▶ _WHAT IS REQUIRED_
Below is a set of records. Repeat them verbatim without the pictures.

▶ _EXERCISE MATERIALS_

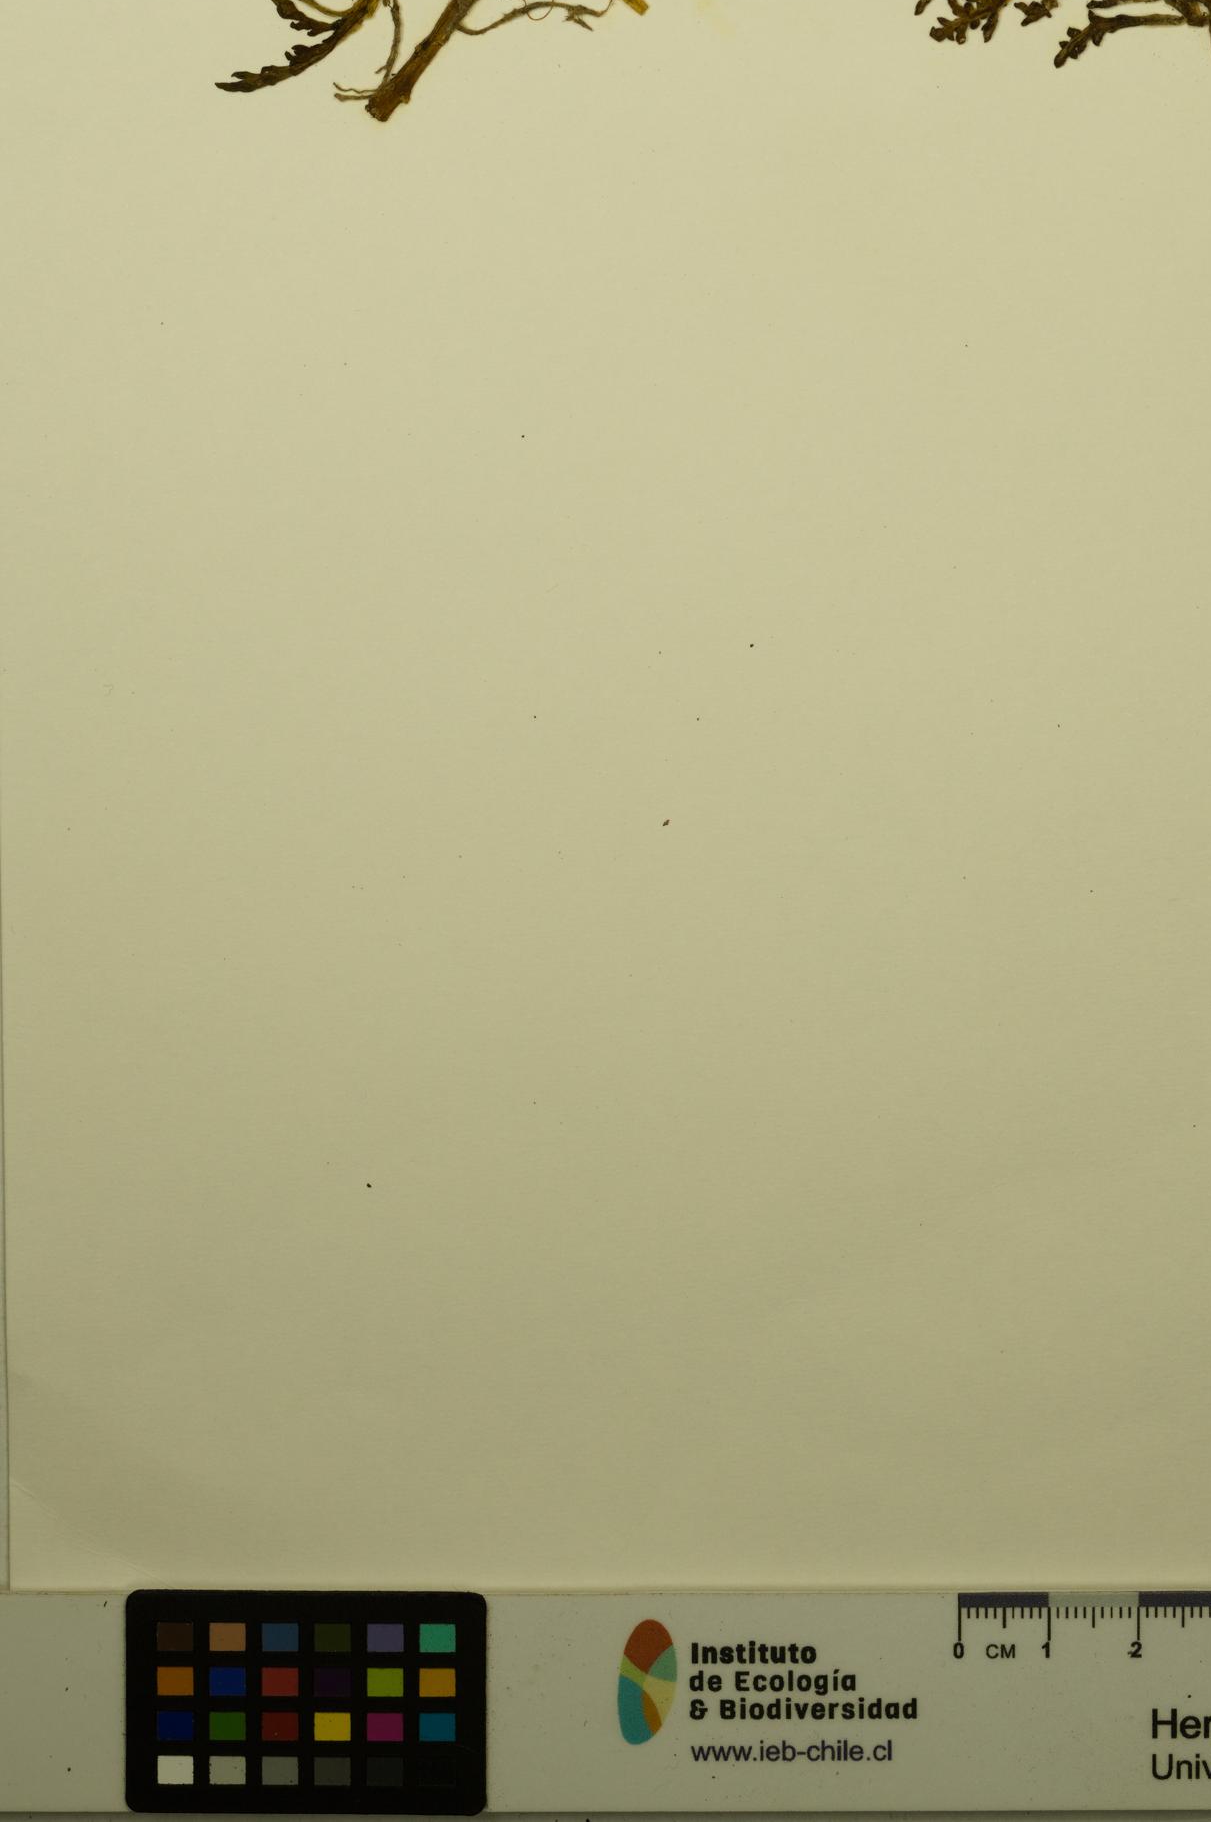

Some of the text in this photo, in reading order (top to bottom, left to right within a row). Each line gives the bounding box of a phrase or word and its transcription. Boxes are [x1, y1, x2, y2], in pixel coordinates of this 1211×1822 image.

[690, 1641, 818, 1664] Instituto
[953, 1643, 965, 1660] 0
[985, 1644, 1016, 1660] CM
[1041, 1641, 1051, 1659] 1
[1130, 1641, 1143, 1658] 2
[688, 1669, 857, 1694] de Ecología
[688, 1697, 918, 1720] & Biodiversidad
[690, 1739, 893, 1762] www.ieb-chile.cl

▶ _YOUR SOLUTION_
Some of the text in this photo, in reading order (top to bottom, left to right within a row). Each line gives the bounding box of a phrase or word and its transcription. Boxes are [x1, y1, x2, y2], in pixel coordinates of this 1211×1822 image.

[690, 1641, 818, 1664] Instituto
[953, 1643, 965, 1660] 0
[985, 1644, 1016, 1660] CM
[1041, 1641, 1051, 1659] 1
[1130, 1641, 1143, 1658] 2
[688, 1669, 857, 1694] de Ecología
[688, 1697, 918, 1720] & Biodiversidad
[690, 1739, 893, 1762] www.ieb-chile.cl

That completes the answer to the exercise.